In a recent interview, the film's star - Rachel Weisz - said she had made her own decision before filming began, thus shaping how she portrayed the central character.

And, I have to say, she plays Rachel perfectly.

She is at once strong and vulnerable, and if it wasn't for her there really would be no need to watch this film.

Not that it's a bad movie - it's perfectly fine, and very well directed - it's just that it's too long and more than a smidge dull in parts.

Part of the problem lies with Sam Clafin.

As Philip, who got taken in by his cousin as a child and grows up to inherit the estate, the film is pretty much seen through his eyes.

It is he who suspects Rachel. It is he who then falls for Rachel.

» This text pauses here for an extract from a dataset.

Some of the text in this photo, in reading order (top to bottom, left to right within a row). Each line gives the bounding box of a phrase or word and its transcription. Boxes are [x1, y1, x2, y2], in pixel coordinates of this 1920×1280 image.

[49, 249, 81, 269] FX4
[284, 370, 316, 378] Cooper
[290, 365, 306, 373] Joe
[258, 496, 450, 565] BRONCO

It is he who goes on to fear he is being poisoned by her.

The only problem is, he has absolutely no screen presence.

He utterly fails to convince as a man being torn apart by his emotional conflicts, instead coming across as a child having a tantrum.

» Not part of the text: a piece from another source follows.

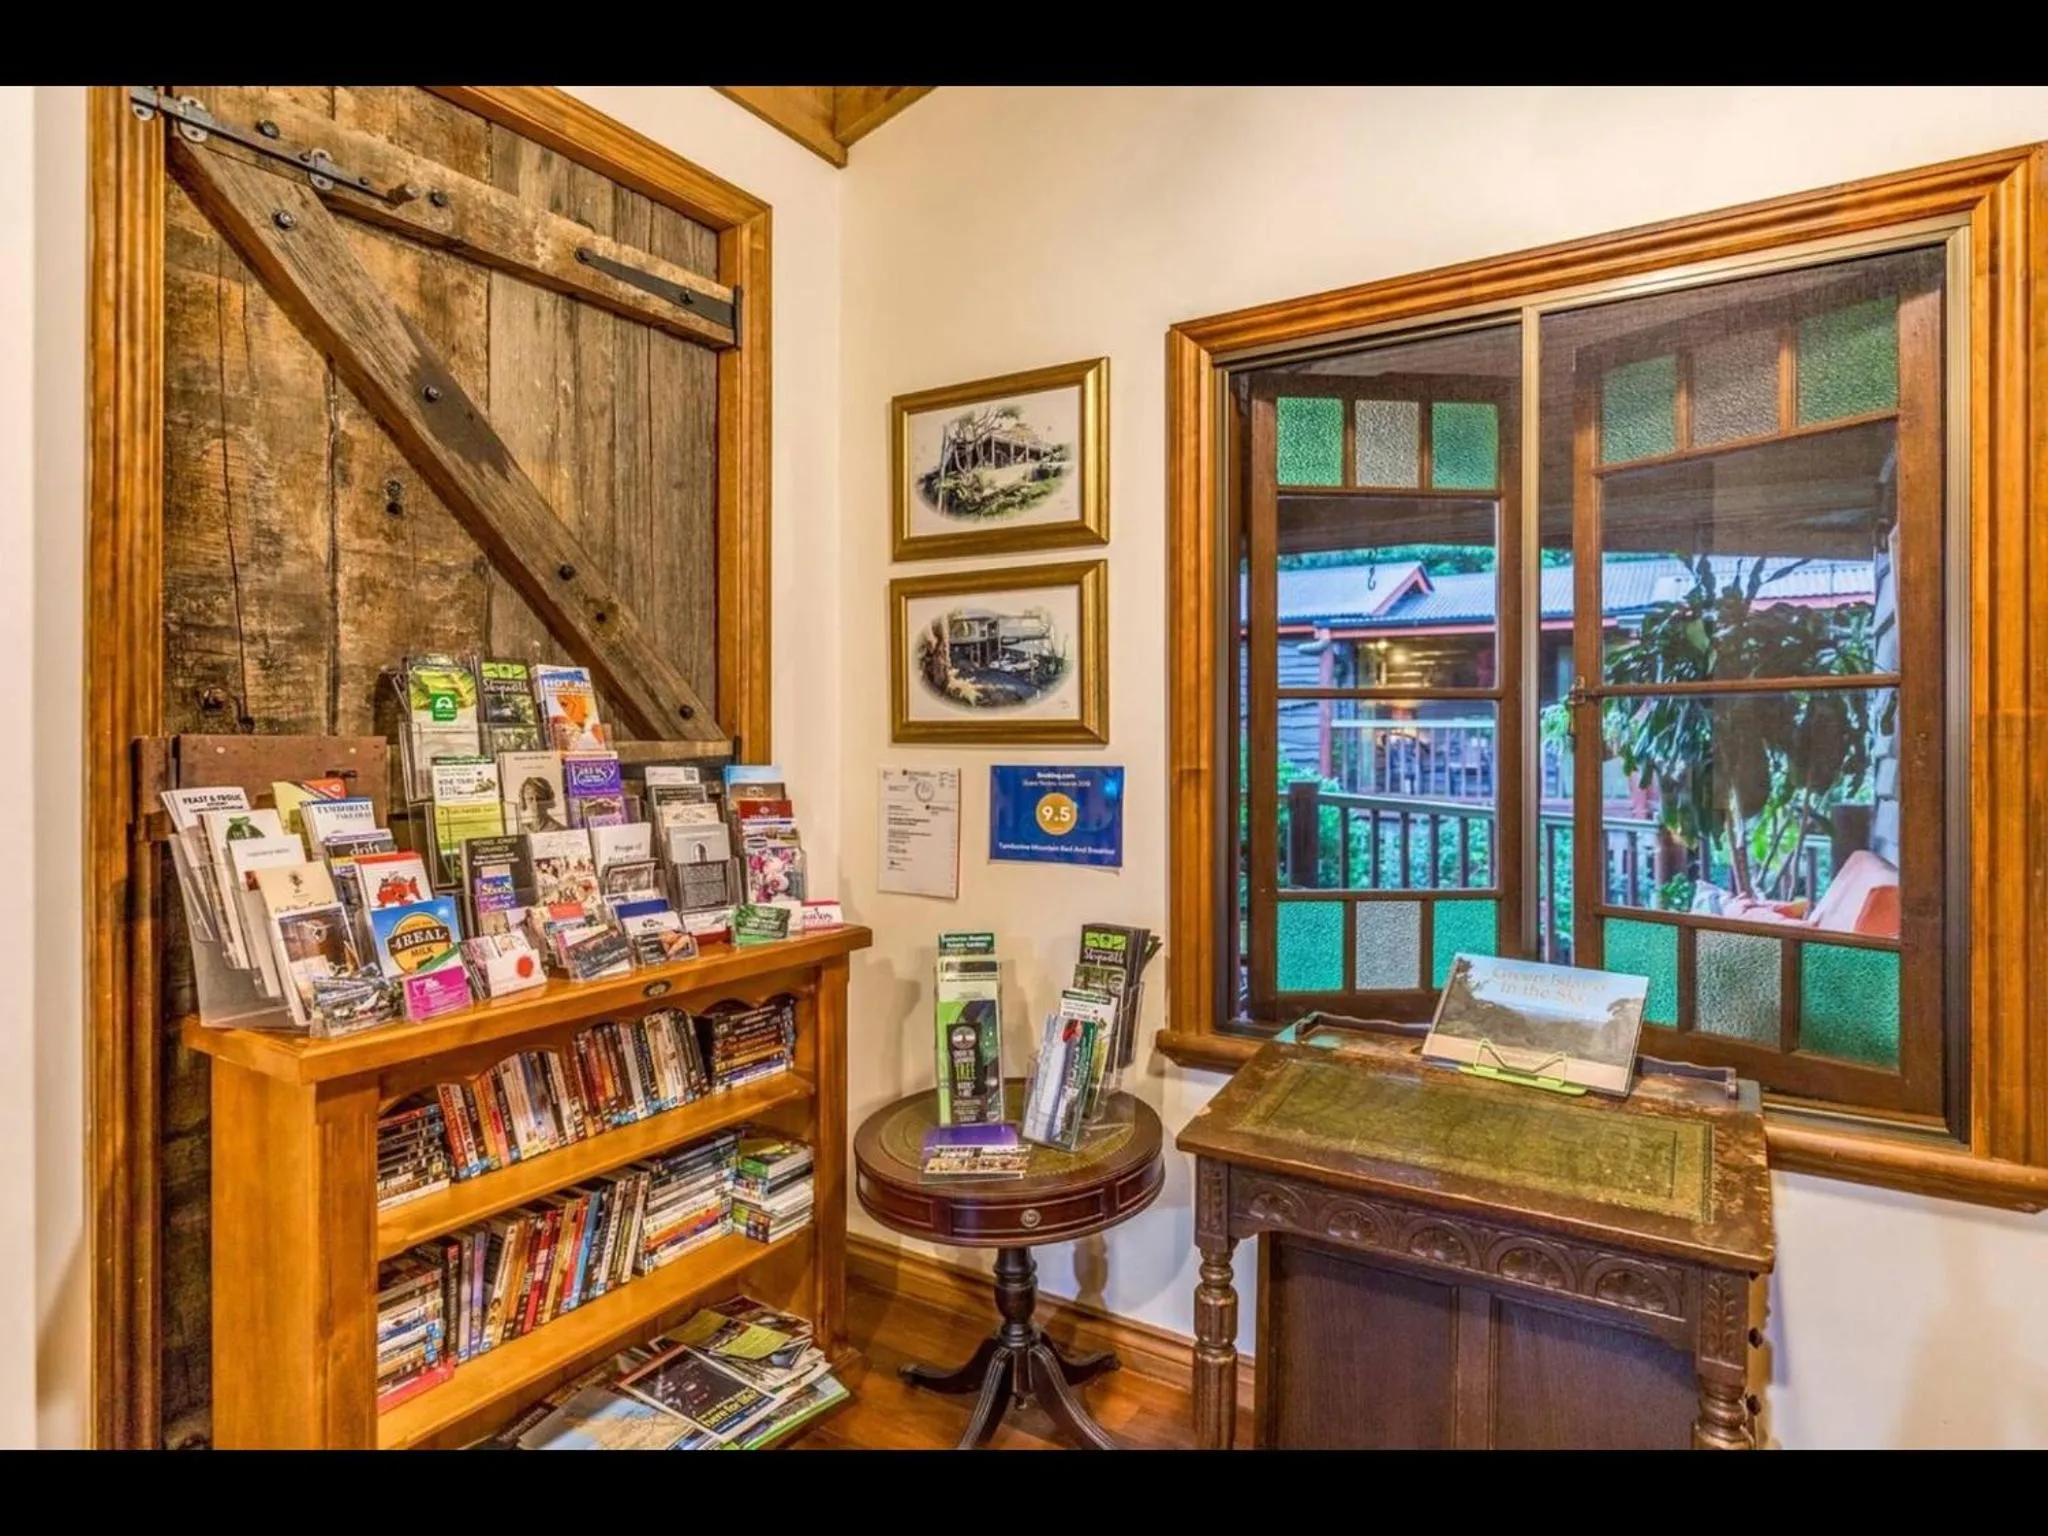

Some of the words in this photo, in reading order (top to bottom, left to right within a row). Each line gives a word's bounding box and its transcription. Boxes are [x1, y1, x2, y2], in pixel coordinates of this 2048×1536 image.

And this is where the film falls down.

Up against Weisz's performance, you need someone equally as strong, as commanding, who can hold their own during the dance of the relationship.

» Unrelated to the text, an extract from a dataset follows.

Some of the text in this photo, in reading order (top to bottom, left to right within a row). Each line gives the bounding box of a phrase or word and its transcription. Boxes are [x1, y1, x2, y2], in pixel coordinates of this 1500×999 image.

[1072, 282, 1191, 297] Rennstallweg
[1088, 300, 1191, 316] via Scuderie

As it is, he's the wettest thing in this film - a film which features several downpours and soggy sheep.

He's even out-acted by Tim Barlow's Seecombe, whose role is to literally stay in the background and mumble yes and no.

And this is nothing short of criminal.

Because away from him, this is a good film.

It looks stunning, the indoor scenes are sumptuous as are the landscapes, there are some genuinely gripping moments and a few chuckles and laughs.

Somewhere in here is a dark, tense tale of obsession and passion.

Sadly, on exiting the cinema you are left wondering which field they left it in.

Think I might go back and give the Richard Burton version a go...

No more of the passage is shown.